Kansas State earns huge road win

Kansas State earns huge road win

Published Oct. 13, 2012 4:54 p.m. ET

AMES, Iowa – Miracles don't have to be pretty. Miracles don't have to happen with a flash of light or with a parting of the seas or with a perfect 50-yard touchdown pass with just the right amount of arc that guarantees play on the highlight reels.

Bill Snyder's Second Miracle in Manhattan is the type of miracle that is not particularly pretty. This miracle is a 73-year-old coach with wispy white hair and a milquetoast manner, raising his Kansas State Wildcats from the dead for the second time with his grind-it-out brand of fundamental football.

It's a quarterback with a dinky throwing arm, a patient yet powerful running style and a gutsy will to win, all traits that should remind you of Tim Tebow. It's a group of football players that on Saturday, in their typical wear-you-down fashion, beat a tough Iowa State team, 27-21, making K-State one of two teams in college football to start 6-0 the past two seasons.

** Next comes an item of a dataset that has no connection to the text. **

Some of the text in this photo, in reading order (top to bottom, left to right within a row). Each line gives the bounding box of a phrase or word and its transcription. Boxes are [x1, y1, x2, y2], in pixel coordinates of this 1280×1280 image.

But an ugly miracle is no less miraculous. And if No. 6 K-State can head to West Virginia next weekend, stand up to the dynamic and beautiful offense that is WVU football, make Collin Klein's case for the Heisman against former frontrunner Geno Smith and show the nation that the Wildcats truly deserve to be a top-five football team, then Snyder's Second Miracle in Manhattan will have been just as impressive as his first, when he built the worst football program in the nation into a powerhouse.

There wasn't a single play at Saturday's Big 12 game where Klein or his K-State offense took the fans' breath away. Instead, there was Klein's efficient 16-of-24 passing for 187 yards. There was the zero-turnover K-State offense. There was K-State going 8-for-17 on third downs and 1-for-1 on fourth downs, and there was Klein's offense holding the ball for more than two-thirds of the game. There was a slew of patient runs by Klein, waiting and waiting and then finally bursting toward the line, gaining 105 yards on 25 carries, including three touchdowns.

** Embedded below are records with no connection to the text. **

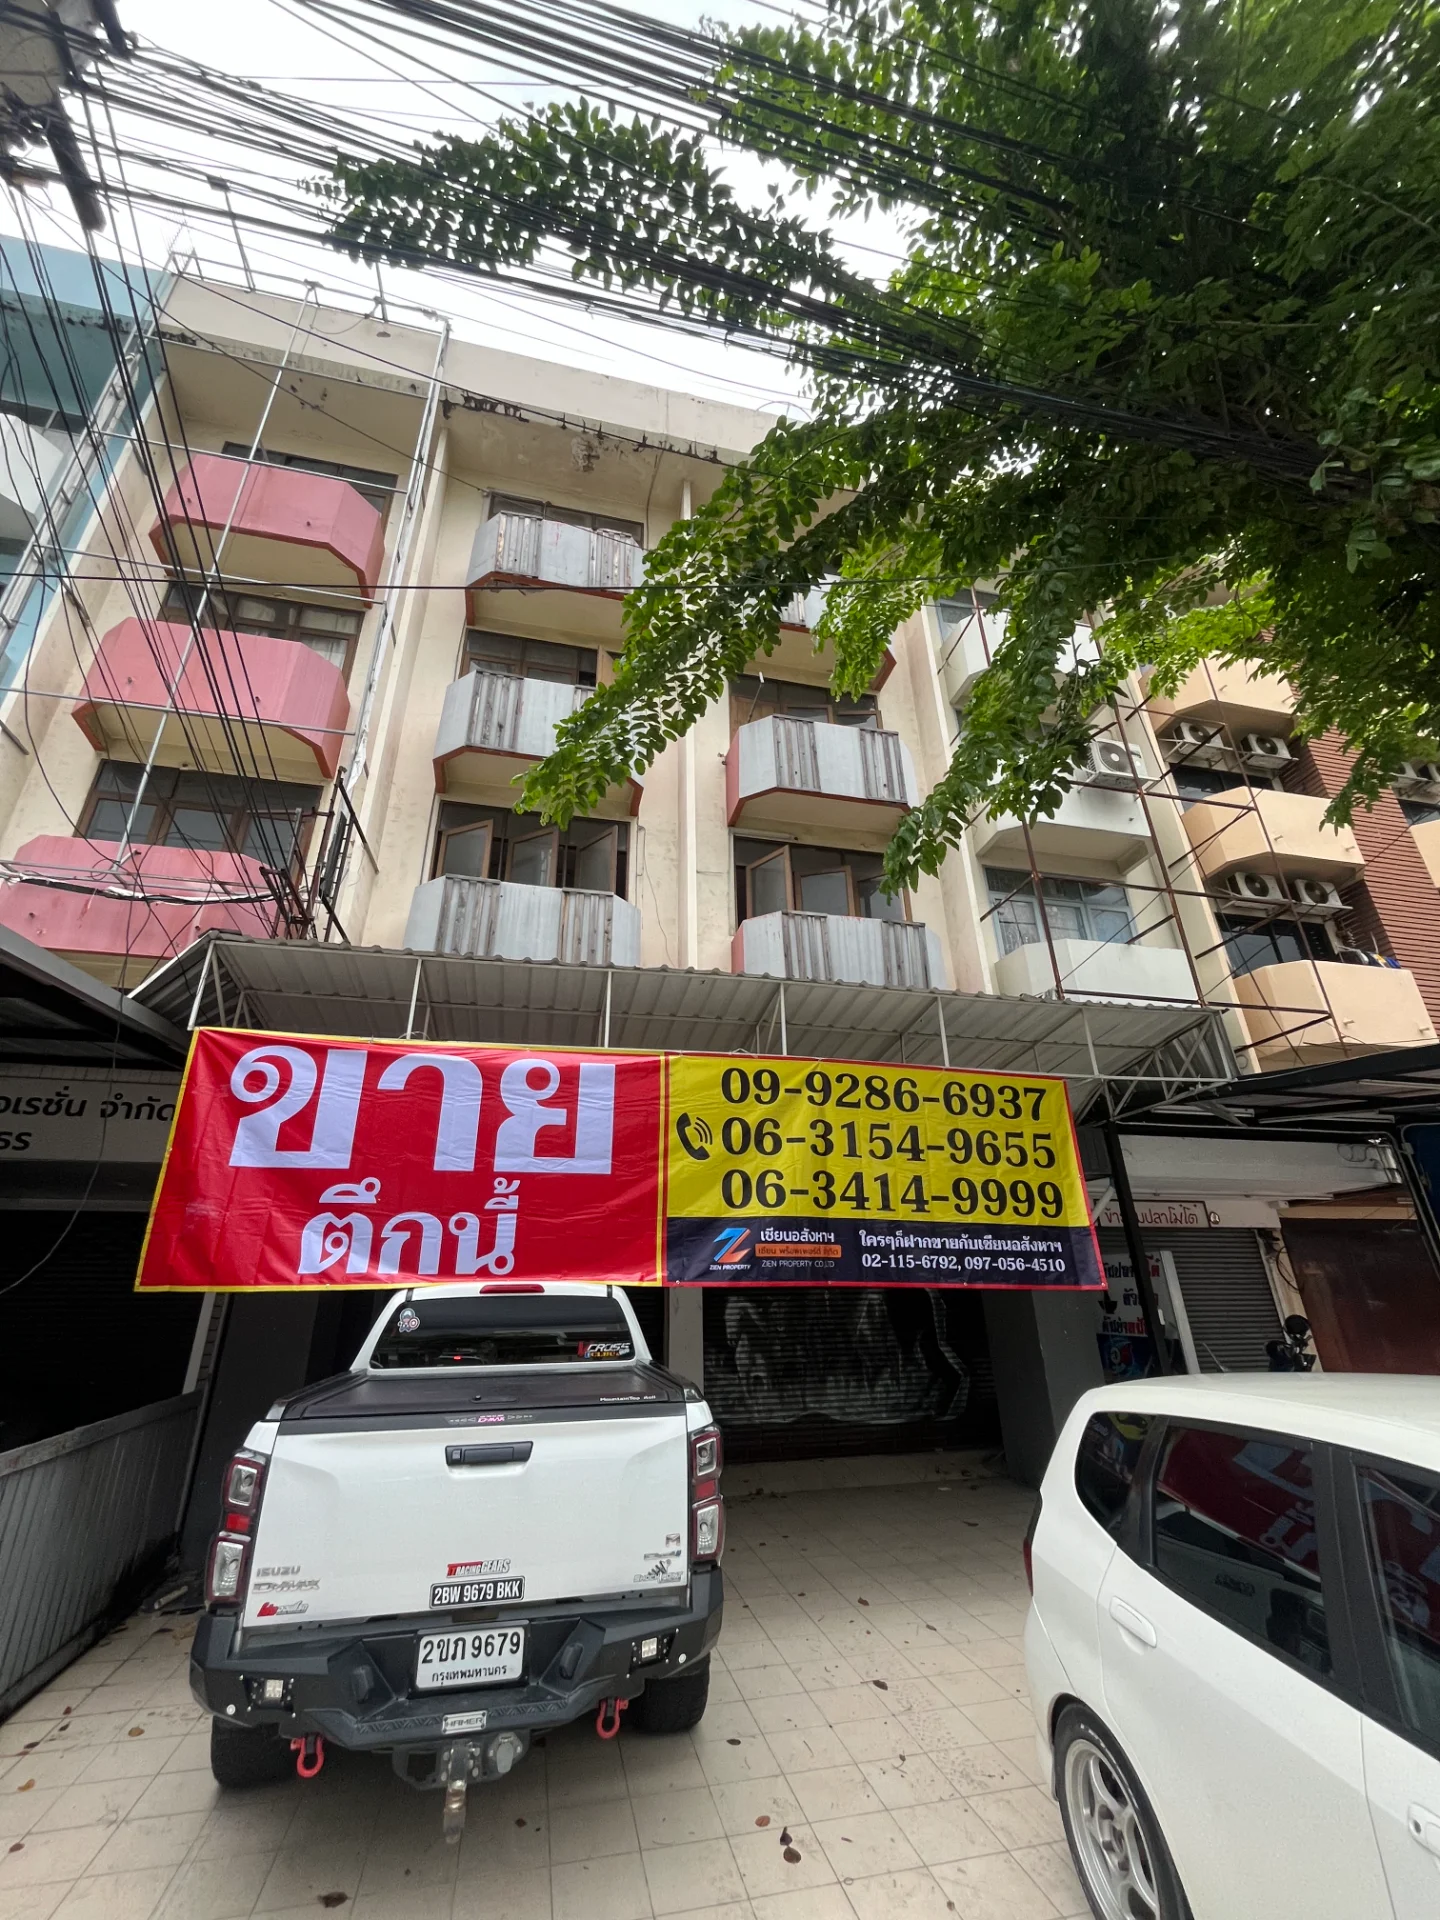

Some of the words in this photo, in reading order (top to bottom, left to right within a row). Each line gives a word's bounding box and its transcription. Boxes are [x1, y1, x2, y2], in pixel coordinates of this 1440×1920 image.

[720, 1067, 1047, 1122] 09-9286-6937
[228, 1045, 616, 1175] ขาย
[720, 1116, 1057, 1170] 06-3154-9655
[720, 1169, 1065, 1219] 06-3414-9999
[297, 1176, 520, 1276] ตึกนี้
[761, 1260, 777, 1268] ZIEN
[779, 1260, 812, 1268] PROPERTY
[861, 1253, 962, 1270] 02-115-6792,
[964, 1256, 1066, 1272] 097-056-4510
[256, 1565, 301, 1577] ISUZU
[434, 1585, 461, 1605] 2BW
[463, 1583, 494, 1602] 9679
[497, 1580, 520, 1599] BKK
[471, 1631, 520, 1658] 9679
[432, 1665, 507, 1686] กรุงเทพมหานคร

"He's an All-American in my book," Iowa State coach Paul Rhoads, who is working on his own rebuilding miracle in Ames, said of Klein. "He doesn't get the attention because he's not as flashy and doesn't put up the gaudy numbers that some of the other college football players do, but he has a 6-0 football team that is ranked in the top five in the country. They can play with anybody in the country with arguably less talent on the field than everybody in the top 10, if not everybody in the top 15."

It's the type of backhanded compliment that Snyder's overachieving teams have garnered for three decades, since he took over what Sports Illustrated called "America's most hapless team" way back in 1989. That program hadn't won a game in two seasons. They went 1-10 in Snyder's first season, then 5-6 his second, then 7-4 in his third. By 1998, Snyder's team was undefeated in the regular season, first in the national polls before losing in the Big 12 championship game. They're never the most talented team, but they're always the best-coached team.

The odds of their winning the national title this year are roughly the same as Klein's chances of winning a Heisman: probably not too good. Big 12 guts and discipline can only take you so far against SEC size and talent. But the fact that Snyder's second go-round at K-State has again turned the cow town of Manhattan, Kan., into one of the nation's football capitals beats any expectations this program had when Snyder took over before the 2009 season.

Klein might not be the prettiest quarterback in the land, but no player in the nation means as much to his team as Klein does to K-State.

After Saturday's game, instead of gloating on behalf of their Heisman-buzz quarterback or their national title hopes, Snyder stood before a circle of reporters, a Styrofoam cup of black coffee in his hand, and pointed out where his boys had struggled with fundamentals.

"It was out of character for us being a highly penalized team, and we were," Snyder said of K-State's nine penalties. "That's not the right direction for us to be going. We'd been the least penalized team in the country. Now we became the most penalized team in the country. It's a matter of discipline. It's discipline and focus. That means we didn't coach them well enough – me in particular – to sustain the direction we were going."

It's neither pretty nor sexy, of course. It's focusing on things like penalties when fans would rather focus on national rankings. It's being more than happy with a rushing attack that didn't have a run longer than 12 yards on Saturday but just kept plugging away. It's bouncing back from the team's biggest mistake – when Tramaine Thompson fumbled a punt in the second quarter and gifted the Cyclones great field position – with a goal-line interception on the very next play. It's thumbing your nose at the flash and dash of the rest of college football and doing things old-school.

"Coach does a great job of just keeping us focused on what we need to do," Klein said. "It's a process. It's a daily grind. A lot of us have been around when we weren't very good and we weren't very tough, and we remember that. We remember what it took to get here. It's something we have to remember on a daily, snap-by-snap basis."

No, it's not the prettiest or sexiest quote. Klein is the 23-year-old version of his coach: Do the little things right, stay humble, work hard, don't gloat. It's a simplest explanation for why this is a top-five ranked football team, the simplest explanation for a miracle.